Daten werden im Rahmen der digitalen Transformation zu einer kritischen Infrastruktur und strategischen Ressource. In der Schweiz werden Daten für neue Dienstleistungen, wissenschaftliche Erkenntnisse oder politische Entscheidungsprozesse erst partikular und ansatzweise wiederverwendet. In den meisten Unternehmen und Verwaltungen bleibt die Nutzung auf die eigenen Daten beschränkt und oft werden auch diese nur zu einem kleinen Teil systematisch weiterverwendet.

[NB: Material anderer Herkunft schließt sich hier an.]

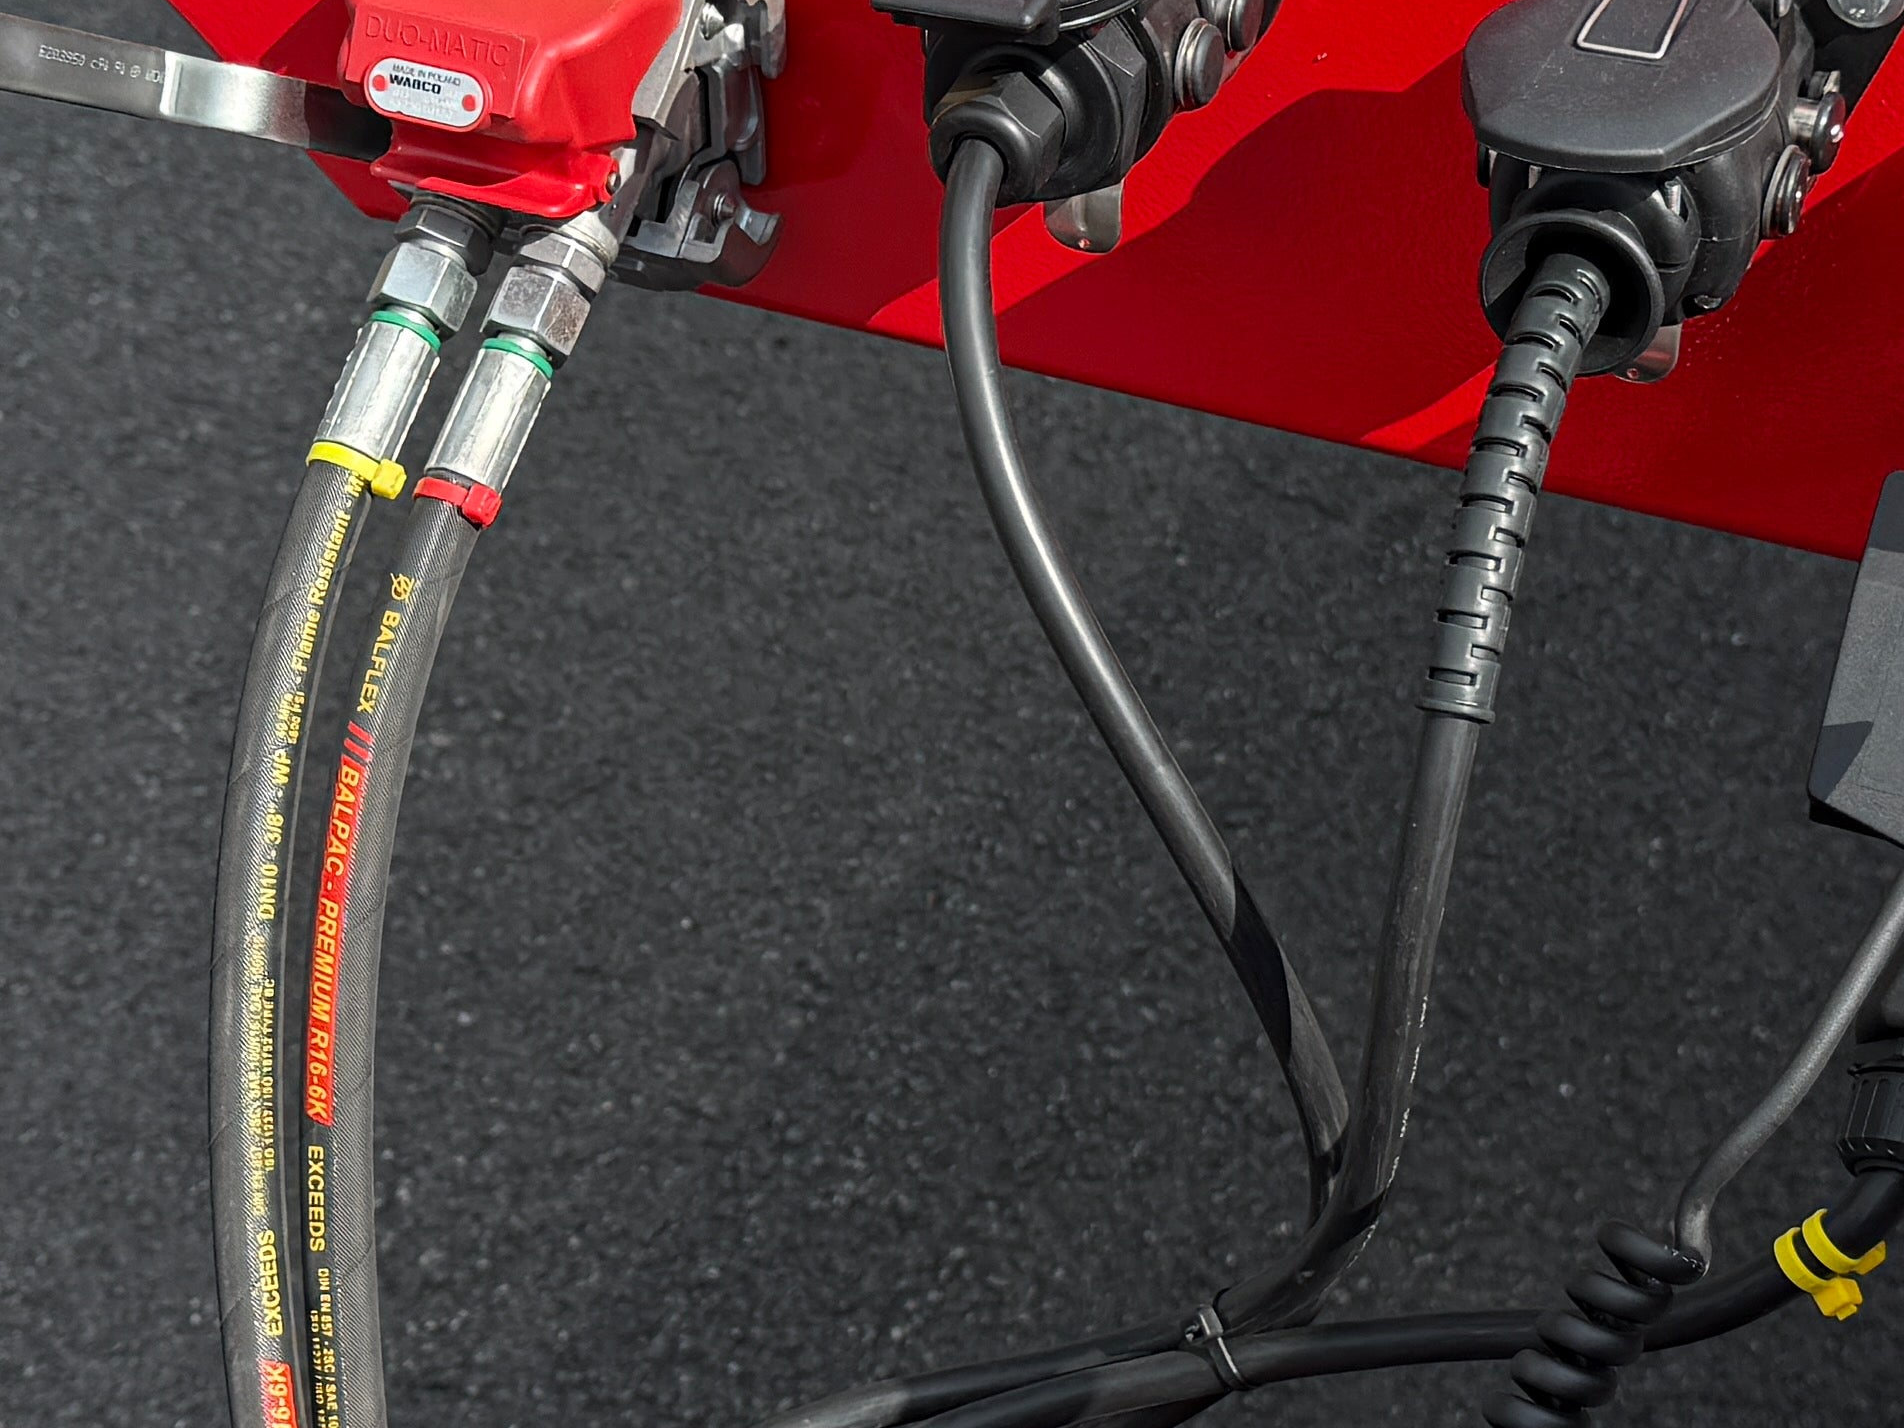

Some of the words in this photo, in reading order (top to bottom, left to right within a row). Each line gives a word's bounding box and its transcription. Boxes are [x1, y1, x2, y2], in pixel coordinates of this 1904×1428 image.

[365, 15, 511, 68] DUO-MATIC
[389, 73, 442, 95] WABCO
[291, 607, 321, 673] Flame
[356, 609, 402, 715] BALFLEX
[325, 763, 361, 878] BALPAC
[257, 863, 279, 921] DN10
[309, 896, 340, 1024] PREMIUM
[307, 1026, 330, 1120] R16-6K
[307, 1144, 326, 1254] EXCEEDS
[256, 1229, 284, 1338] EXCEEDS

Der Austausch von Daten zwischen Unternehmen, Verwaltungen und Forschungsinstitutionen, um datenbasierte Lösungen für gemeinsame dringende Probleme zu entwickeln, findet höchstens punktuell oder gar nicht statt. Da aber gerade Datennutzungen über die Grenzen einzelner Organisationen hinweg von grossem Wert sind, ist dieser Mangel für die Entwicklung des Datenökosystems Schweiz besonders gravierend. Die Corona-Pandemie hat schmerzlich gezeigt, wie der Mangel an Daten zu einem Blindflug der Verantwortlichen in einer akuten Krisensituation führt.

Neben Silodenken, rechtlichen Hürden und unzulänglichen technischen Standards sind in erster Linie fehlende Ideen für die Datennutzung und mangelhafte Kenntnisse der Entscheidungsträger dafür ausschlaggebend, dass Daten nicht vermehrt ausgetauscht und besser genutzt werden. Der Dialog zwischen Datennutzern und Datenlieferanten ist weitgehend inexistent und es fehlt an Institutionen, In­frastrukturen und rechtlichen Rahmenbedingungen, die solche Kooperation unter aktivem Einbezug der betroffenen Personen und der Öffentlichkeit ermöglichen.

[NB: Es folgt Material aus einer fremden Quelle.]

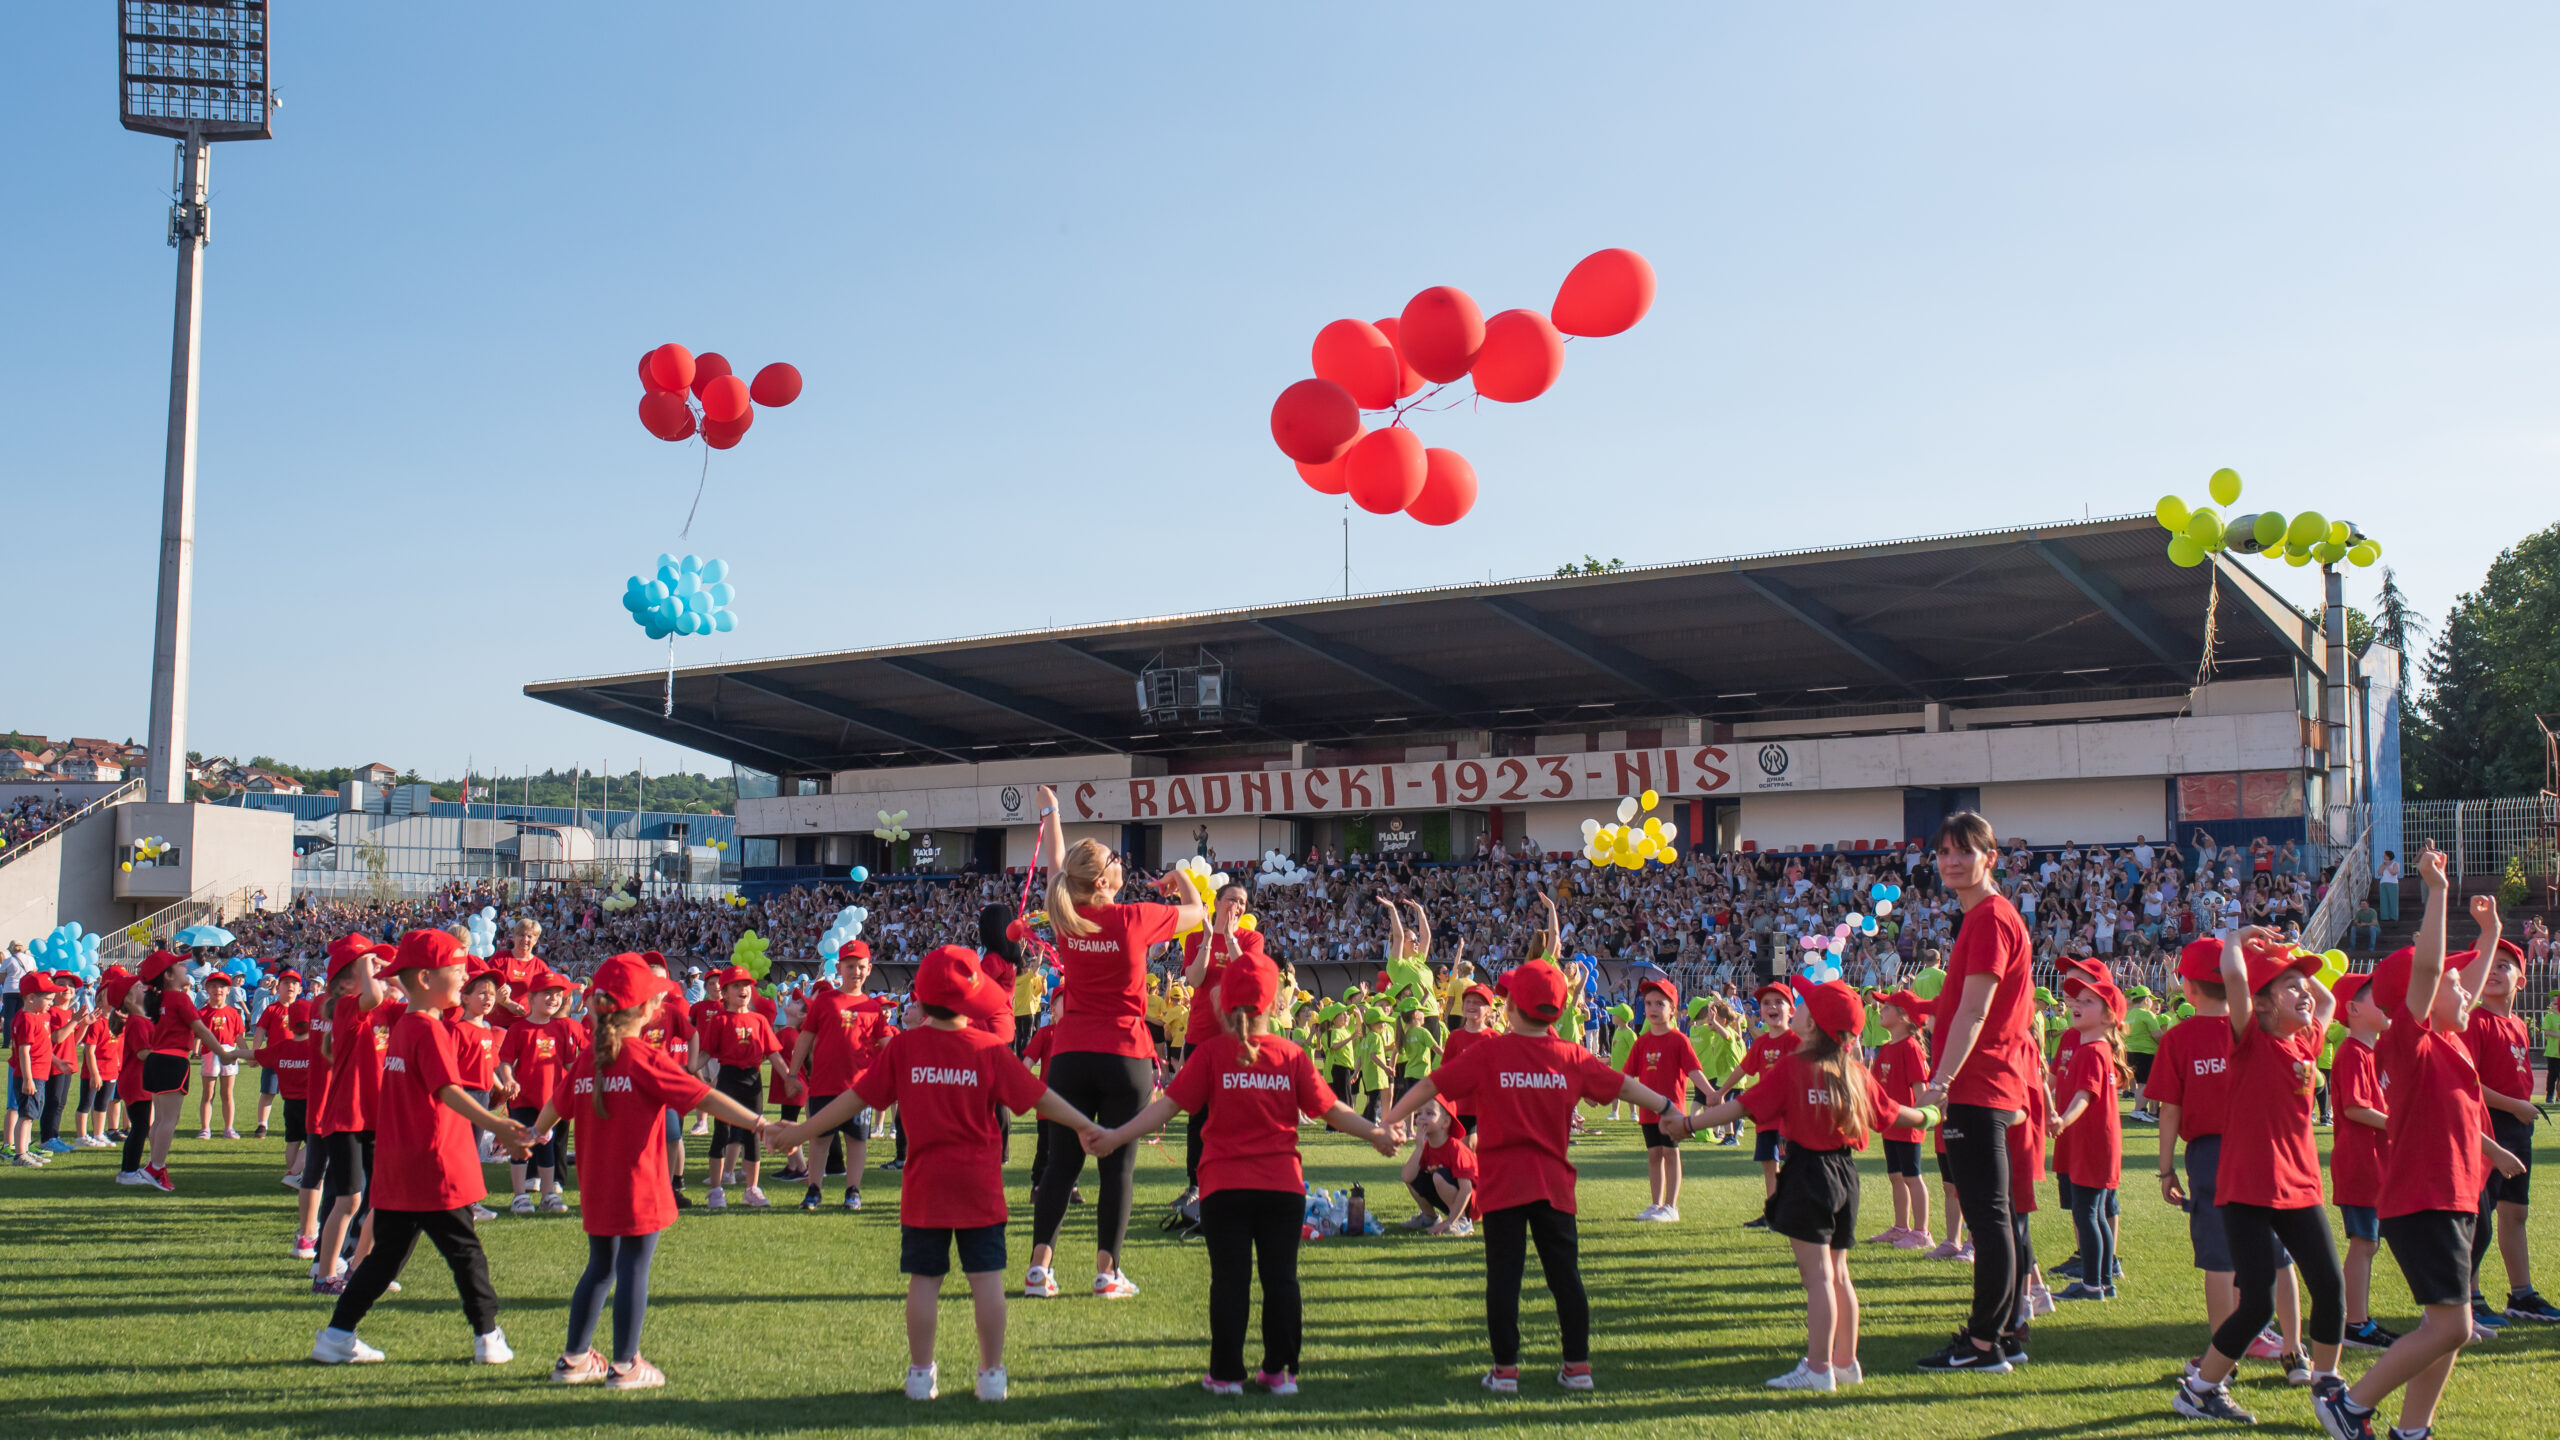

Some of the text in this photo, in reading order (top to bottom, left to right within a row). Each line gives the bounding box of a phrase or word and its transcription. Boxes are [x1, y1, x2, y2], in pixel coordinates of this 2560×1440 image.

[1067, 937, 1120, 953] БУБАМАРА
[2193, 1057, 2227, 1076] БУБА
[574, 1075, 633, 1095] БУБМАРА
[911, 1066, 978, 1087] БУБАМАРА
[1222, 1072, 1291, 1092] БУБАМАРА
[1499, 1071, 1568, 1090] БУБАМАРА

Die Entwicklung eines kreativen und vertrauenswürdigen Datenökosystems in der Schweiz ("Swiss Data Space") ist eine vielfältige und langfristige Aufgabe. Rechtliche, technische und finanzielle Rahmenbedingungen ("Data Governance"), welche die Datennutzung in allen wirtschaftlichen und gesellschaftlichen Bereichen erleichtern und fördern, sind so rasch wie möglich mit einer strategischen Perspektive auf allen Staatsebenen zu entwickeln. Sektorielle Ansätze dazu sind auf Bundesebene unter anderem mit den Projekten Nationale Datenbewirtschaftung (NaDB), Nationale Dateninfrastruktur Mobilität (NaDIM) und dem geplanten Swiss Hub for Energy Data (SHED) bereits vorhanden. Der Entwurf für ein Bundesgesetz über den Einsatz elektronischer Mittel zur Erfüllung von Behördenaufgaben (EMBaG) mit einem eigenen Abschnitt zu Open Government Data ist ein wichtiger Beitrag zum Aufbau eines gesetzlichen Rahmens für den Schweizer Verwaltungsdatenraum. Bisher fehlt allerdings eine kohärente Gesamtsicht und Strategie, wie sich der Schweizer Datenraum als Ganzes in den nächsten Jahren entwicklen soll.

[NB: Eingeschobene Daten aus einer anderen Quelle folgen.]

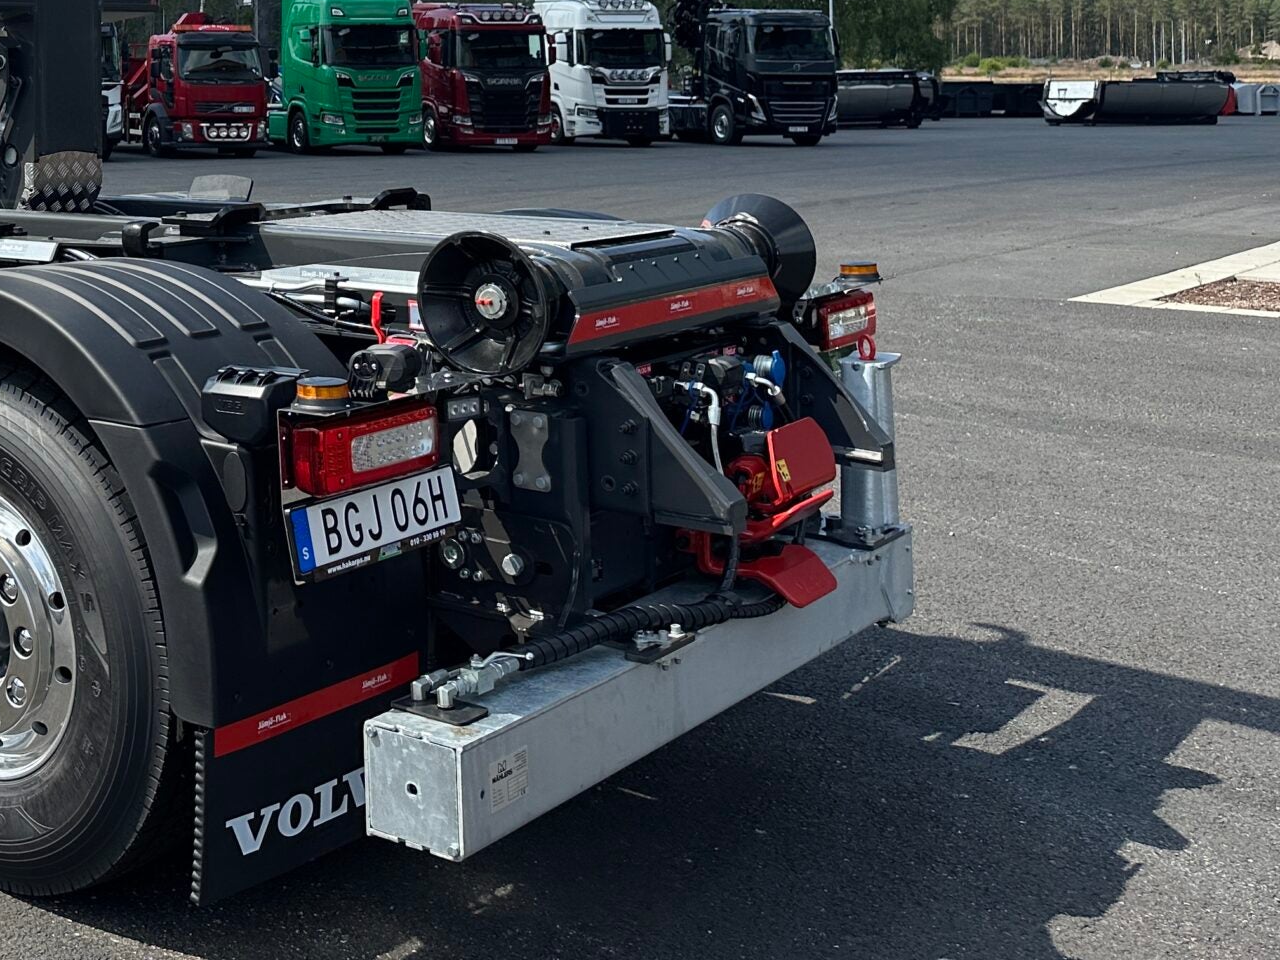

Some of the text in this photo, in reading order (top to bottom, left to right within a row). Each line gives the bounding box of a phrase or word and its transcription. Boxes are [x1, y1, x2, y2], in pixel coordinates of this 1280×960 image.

[486, 77, 522, 86] SCANIA
[46, 512, 87, 580] MAX
[302, 475, 449, 560] S BGJ 06H
[225, 765, 366, 856] VOLV

Entscheidend aber ist letztlich die konkrete Zusammenarbeit von Datennutzern, -lieferanten und betroffenen Personen zur Realisierung wertschöpfender Datennutzungen. Die Schweiz ist mit ihrer föderalistischen Kultur und einer von zahlreichen KMUs geprägten Wirtschaft dazu prädestiniert, branchenspezifische und branchenübergreifende Datenkooperationen auf lokaler, regionaler und nationaler Ebene aufzubauen. Solche Datenkooperationen benötigen selbstverständlich verlässliche rechtliche, technische und finanzielle Rahmenbedinungen und sind auf nationaler, europäischer und globaler Ebene zu vernetzen. Entscheidend sind kreative Ideen für gemeinsame Datennutzungen und der Wille, diese umzusetzen. Dazu braucht es ideenreiche Datennutzer und kooperationswillige Datenlieferanten sowie versierte Datenexperten, welche die verschiedenen Stakeholder zusammenbringen und ihre datenbezogene Kooperation begleiten (aka "Data Stewards").